I talked about how Neil loved to have people around the house. He was a generous host and put out a great spread, taking pride in preparing plates of food as beautiful as they were delicious. And no one ever came to our house without getting offered a cup of tea.

“I already miss his cups of tea…”

I choked up, remembering his last words to me. Struggling to regain my composure, I continued, my voice breaking only a little, “… that he made throughout the day, they were a reason to just stop and sit together.” I stopped for a moment to swallow my tears.

“Neil will be missed in the neighborhood. Walking Tetley, he always shouted out greetings to neighbors, waving to people as if he were mayor. Neil was so friendly, warm, fun and exciting and made quickly made any community in the world, his own.”

I described meeting Neil in February of 1993 in Sarajevo and how he transformed my bleak life there and all the good things he did as a humanitarian aid worker in a war zone. In some ways, they were his best days. Perhaps only war was big and hideous enough to distract him from his inner demons. In Bosnia, he felt needed. He conjured hilarity even as shells thundered around us, yet he recognized danger and was adept at getting out of dicey situations – talking his way through checkpoints manned by drunken soldiers, befriending a few of the bandits along the way. Neil saved lives – yanking people out of sniper fire into his car or smuggling whatever ethnic type was on the out, into a safe-zone. And he kept at it when we moved to Connecticut. As Molly and I sorted through photographs, we found an ‘Unsung Hero’ certificate awarded to Neil by the local Red Cross for pulling a woman out of a burning car on I-95. He was on his way to work and for once had a good excuse for being late because, of course he stopped. His instinct was to go towards trouble instead of away, to see if anyone needed saving.

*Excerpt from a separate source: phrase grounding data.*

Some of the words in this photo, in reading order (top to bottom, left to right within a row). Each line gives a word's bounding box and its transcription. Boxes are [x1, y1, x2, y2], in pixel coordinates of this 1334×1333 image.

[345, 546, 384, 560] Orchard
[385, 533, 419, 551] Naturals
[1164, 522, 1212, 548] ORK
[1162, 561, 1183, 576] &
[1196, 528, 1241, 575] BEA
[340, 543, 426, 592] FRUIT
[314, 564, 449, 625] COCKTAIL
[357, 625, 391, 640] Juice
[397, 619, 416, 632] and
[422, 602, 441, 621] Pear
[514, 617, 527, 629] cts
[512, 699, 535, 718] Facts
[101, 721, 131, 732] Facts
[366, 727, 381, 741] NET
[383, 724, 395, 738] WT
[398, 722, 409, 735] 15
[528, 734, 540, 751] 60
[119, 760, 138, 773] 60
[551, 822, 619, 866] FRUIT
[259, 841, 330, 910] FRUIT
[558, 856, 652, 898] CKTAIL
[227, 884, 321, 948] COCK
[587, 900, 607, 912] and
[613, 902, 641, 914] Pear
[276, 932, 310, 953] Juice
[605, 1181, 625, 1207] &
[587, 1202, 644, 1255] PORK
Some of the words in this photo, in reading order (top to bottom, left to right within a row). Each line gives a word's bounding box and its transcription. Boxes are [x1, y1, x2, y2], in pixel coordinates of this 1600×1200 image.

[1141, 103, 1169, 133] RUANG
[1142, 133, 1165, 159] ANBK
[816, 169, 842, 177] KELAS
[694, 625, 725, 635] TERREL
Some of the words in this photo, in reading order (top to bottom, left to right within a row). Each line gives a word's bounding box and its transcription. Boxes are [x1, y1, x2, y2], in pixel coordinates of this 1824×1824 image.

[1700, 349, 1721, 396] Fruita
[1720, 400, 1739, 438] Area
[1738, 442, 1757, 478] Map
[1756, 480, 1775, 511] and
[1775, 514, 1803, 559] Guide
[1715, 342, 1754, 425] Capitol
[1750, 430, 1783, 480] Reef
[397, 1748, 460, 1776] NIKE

He joked how it was his best excuse ever for being late and was sure to bring the police report as proof.

“But he couldn’t save himself,” Molly had wisely said as she sat on my bed and looked at the snapshot she held in her hand of her handsome father.

“Neil hated the disease that haunted him. He would hate me mentioning it even now. He wanted to keep it secret from everyone, including me and even, I think, from his self. His dark secret, this demon of drug addiction, ultimately killed him. So I feel compelled to name it. Many of us were hurt by his habit and are still baffled by it – and by his death.”

I thanked everyone for coming, and for the love and support during the month that had just past and through the years. And I thanked Neil for the laughter and for the most unbelievable joy in my life: Molly.

I stepped down and took my seat next to her, pulling her close. I had thought long and hard about acknowledging Neil’s addiction in this venue. Of course many here already knew – but not all – not the school principal or many of my neighbors. In the end, I decided I wanted Molly to know there was nothing for her to be ashamed of.

 

Friends gathered round and reminded me of good times, sharing anecdotes of Neil’s humor and warmth. The ceremony gave us a chance to recreate those days and recall the goodness of his life. Slowly, I could hope, the haunting, last image of my husband would be replaced by one of the man I had loved.